Agency Avoids Personal Damages by Satisfying Mixed Motive Defense. Complainant alleged, among other things, that she was discriminated against on the bases of race (African-American) national origin (Jamaican), and in reprisal for prior EEO activity when she was not selected for a Management Assistant position. After a hearing, an AJ found discrimination only on the basis of national origin, explaining that the complainant’s accent played a role in her nonselection. Nonetheless, the AJ also found that the agency would not have selected complainant even in the absence of discrimination because the selectee was more qualified than the complainant. Affirming the AJ’s mixed motive analysis, the Commission on appeal denied complainant’s request for compensatory damages, and affirmed the AJ's award of attorney's fees and costs. Lillas Beckford v. Social Security Administration, EEOC Appeal No. 0120061174 (July 17, 2008), request for reconsideration denied, EEOC Request No. 0520080748 (December 8, 2008).

Remedies

Age-based Retirement Does Not Nullify Back Pay Award. The agency accepted an AJ’s finding that complainant was discriminated against based on age when he was not selected for a GS-14 Supervisor Mine Safety and Health Specialist position, but rejected the AJ’s order to reinstate complainant and pay back pay beyond the date that complainant retired. The agency argued that complainant’s duty to mitigate damages included remaining on the job absent proof of constructive discharge. On appeal the Commission disagreed, finding that, because this case involved an age-based retirement, the employee has earned his right to retire and that it would be unjust to penalize an employee by requiring him to forego retirement in order to recover back pay. Based on complainant’s consistent testimony that he would have retired from federal service in September 2006, had he been selected, because he would have acquired the “high three” year average salary for retirement purposes and received higher retirement annuities, the Commission ordered the agency to provide back pay and all appropriate benefits from September 2003 through September 2006. William Hulvey v. Department of Labor, EEOC Appeal No. 0720070059 (February 7, 2008), request for reconsideration denied, EEOC Request No. 0520080384 (April 17, 2008).

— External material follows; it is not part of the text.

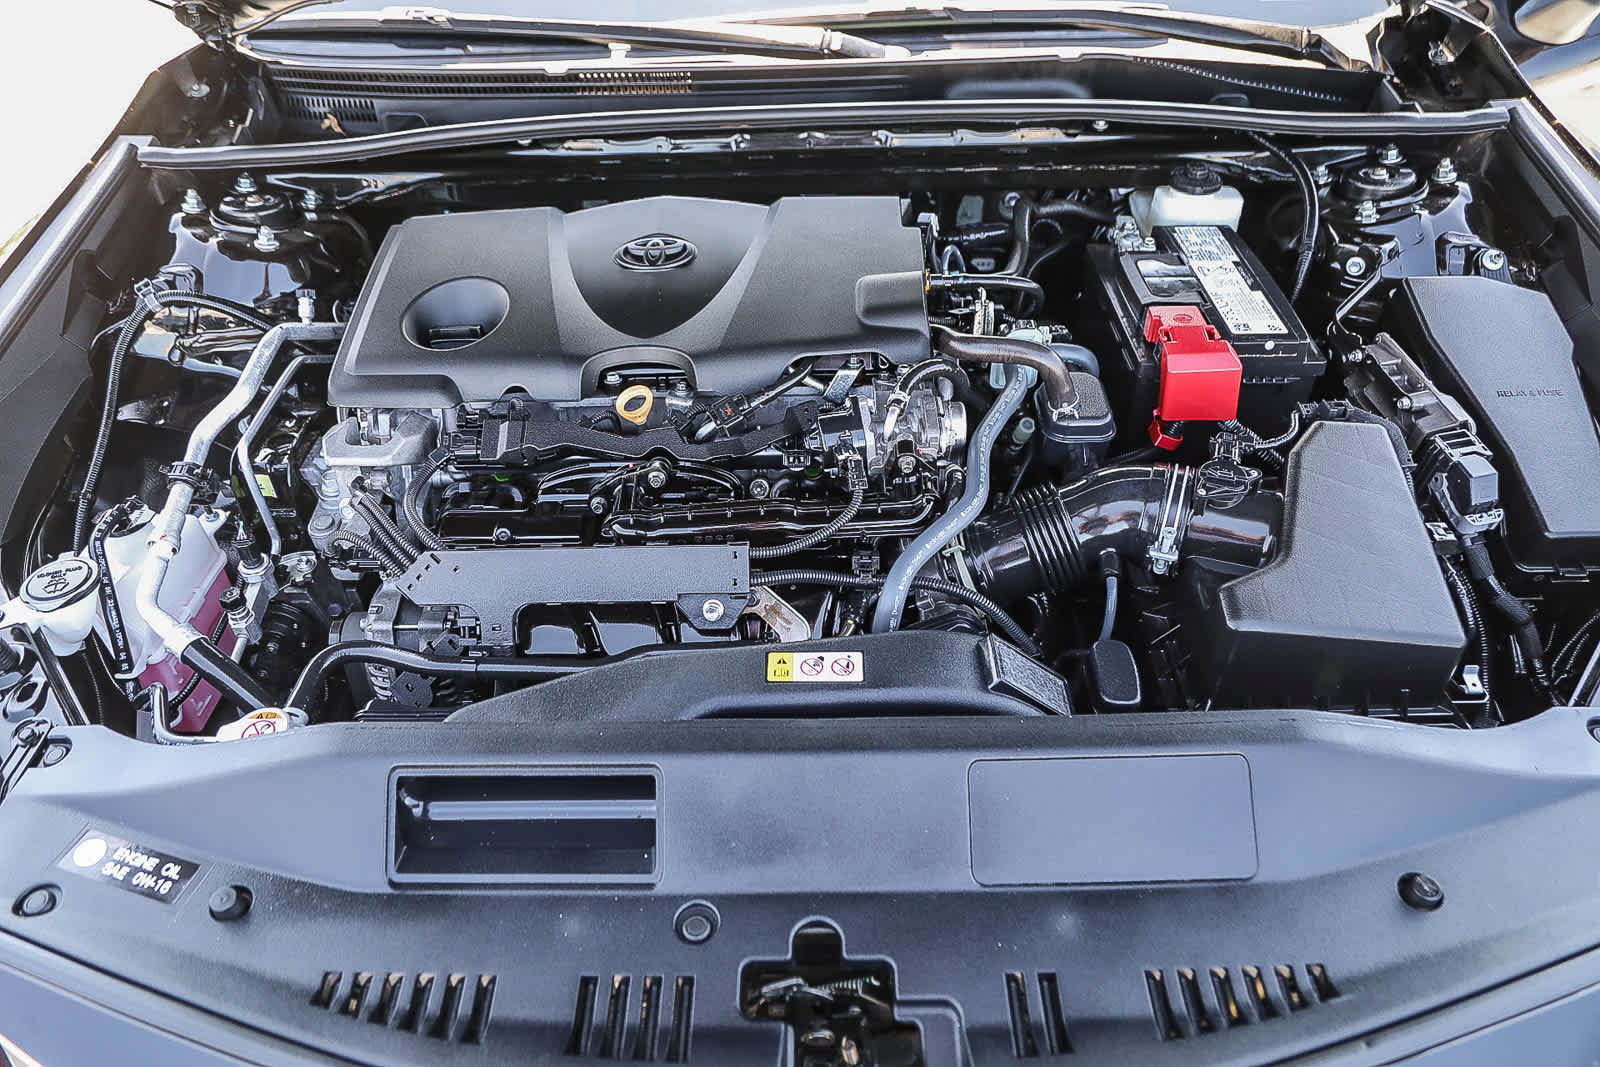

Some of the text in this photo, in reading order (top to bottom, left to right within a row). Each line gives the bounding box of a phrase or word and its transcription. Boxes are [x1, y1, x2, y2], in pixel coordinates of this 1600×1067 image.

[101, 861, 131, 881] SAE
[112, 847, 182, 880] ENGINE OIL

Commission Rejects Pro Rata Award and Orders Full Back Pay. The agency found that complainant and another candidate were subjected to discrimination on the basis of age when they were not selected for a position in favor of a younger individual. In addressing the relief to which complainant was entitled, the agency found that it was unable to determine which candidate would have been offered the position in the absence of discrimination. Thus, according to the agency, the proper remedy was the monetary value of the lost promotion divided pro rata for each complainant up until the date at which the complainants no longer suffered the monetary loss. The remedy did not provide a right for either complainant to be retroactively promoted to the disputed position. The Commission concluded that the agency failed to make even a perfunctory attempt at establishing who would have been selected for the position and imposed sanctions on the agency by ordering it to provide complainant with 100 percent of the back pay and to offer complainant the position or its substantial equivalent. Because complainant had moved in order to assume a supervisory position, the Commission also directed the agency to pay relocation expenses if complainant accepted an offer to return to where the disputed position was located. Lester Coleman v. Department of Labor, EEOC Appeal No. 0120062552 (June 6, 2008), request for reconsideration denied, EEOC Request No. 0520080675 (January 7, 2009).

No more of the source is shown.